** WHAT YOU NEED TO DO **
In your copy, include every line of the records exactly and no picture at all.

** Image-backed grounding data **

= = = =

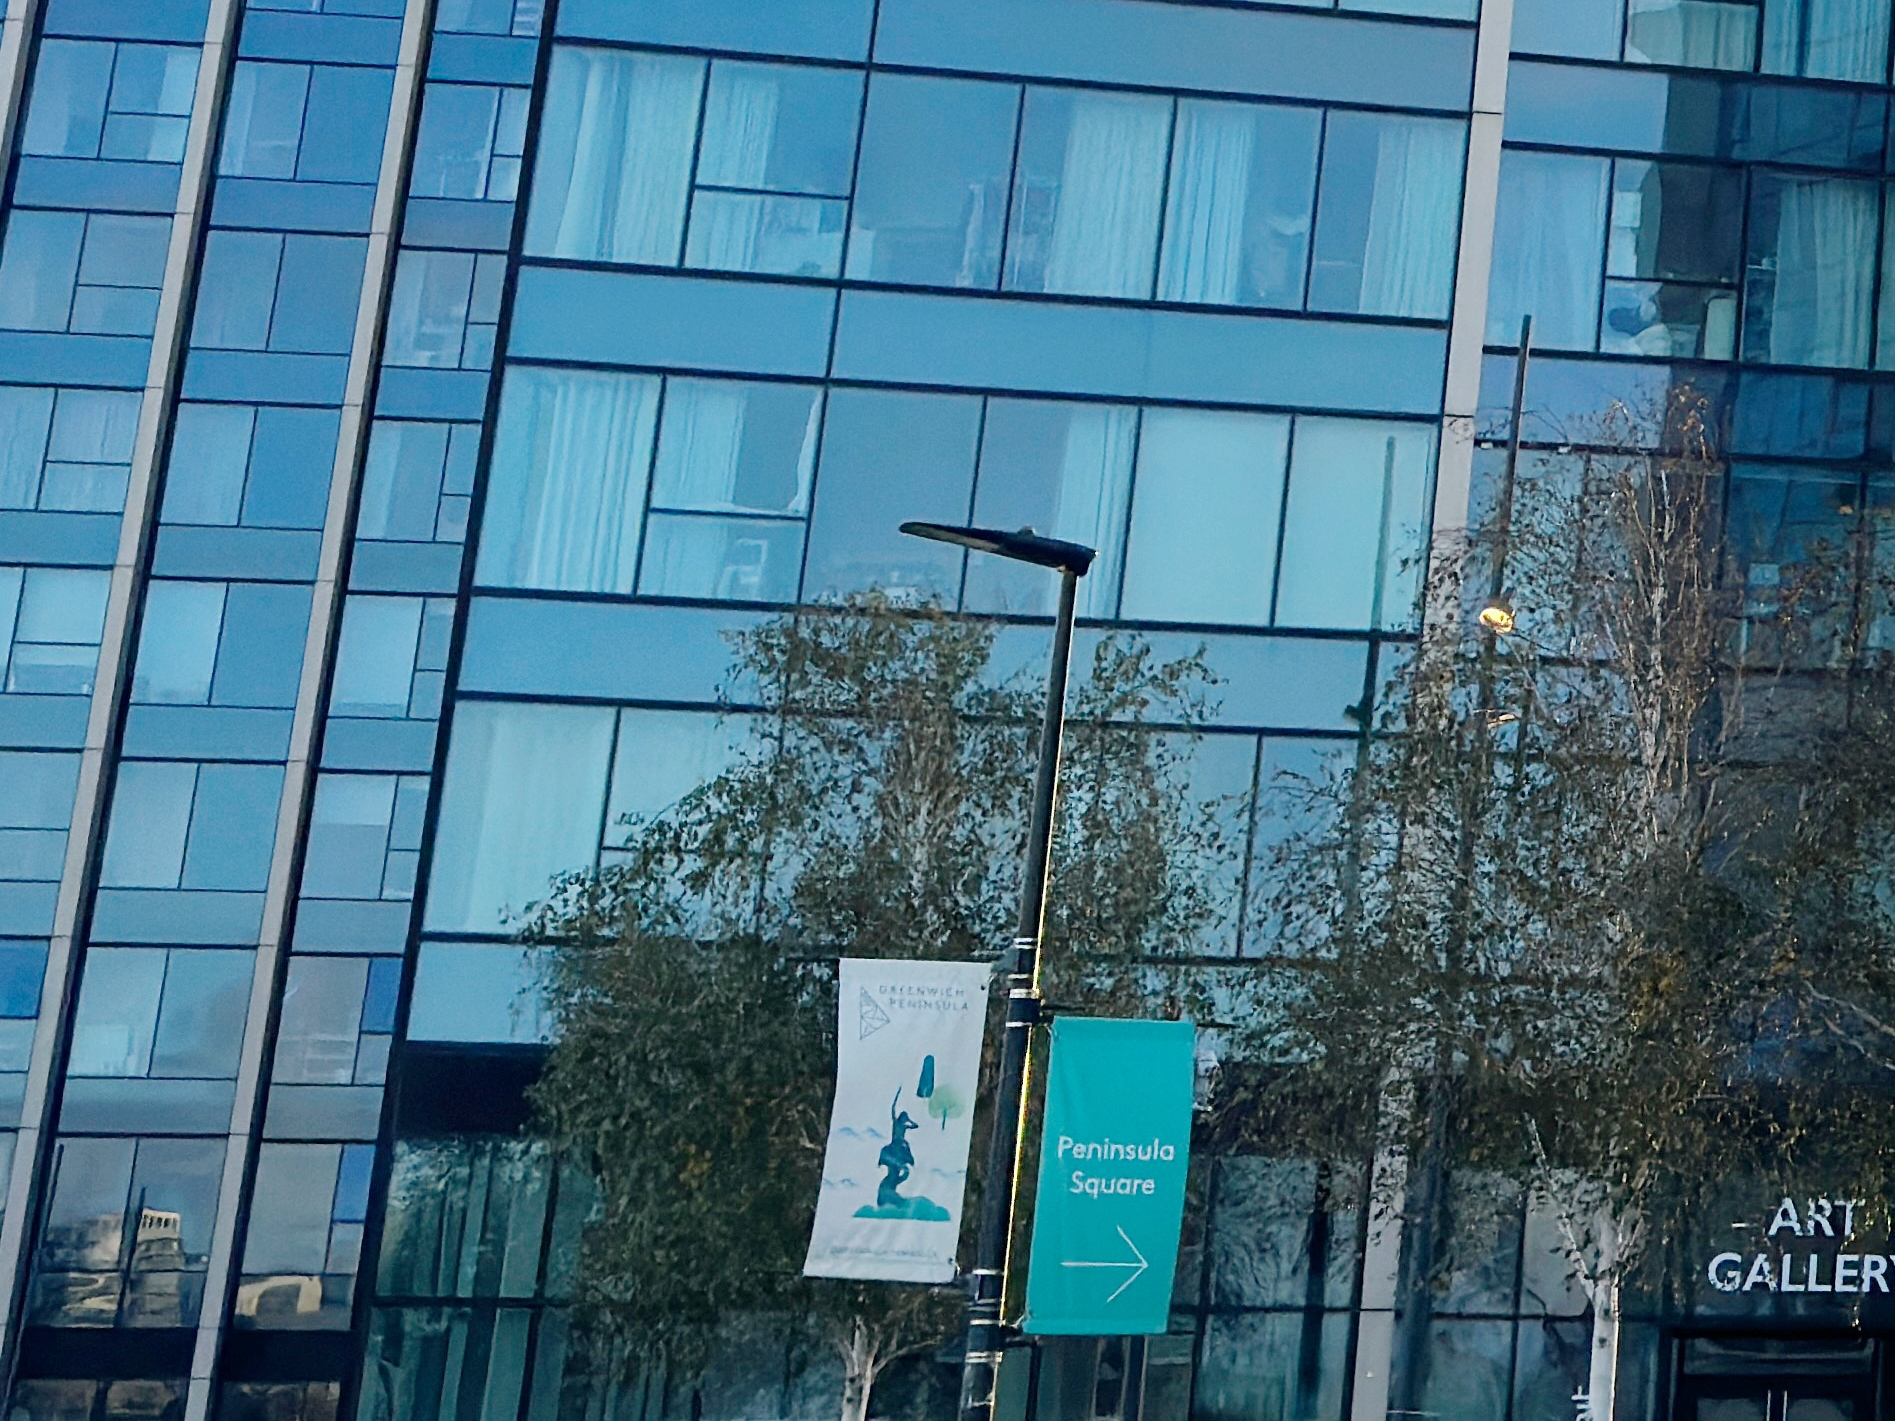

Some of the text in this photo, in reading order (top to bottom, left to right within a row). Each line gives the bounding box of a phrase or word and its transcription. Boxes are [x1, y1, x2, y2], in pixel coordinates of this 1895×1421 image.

[889, 998, 969, 1011] PENINSULA
[1057, 1135, 1175, 1161] Peninsula
[1069, 1170, 1155, 1199] Square
[1767, 1196, 1865, 1237] ART

= = = =

** RESPONSE TO THIS TASK **
Some of the text in this photo, in reading order (top to bottom, left to right within a row). Each line gives the bounding box of a phrase or word and its transcription. Boxes are [x1, y1, x2, y2], in pixel coordinates of this 1895×1421 image.

[889, 998, 969, 1011] PENINSULA
[1057, 1135, 1175, 1161] Peninsula
[1069, 1170, 1155, 1199] Square
[1767, 1196, 1865, 1237] ART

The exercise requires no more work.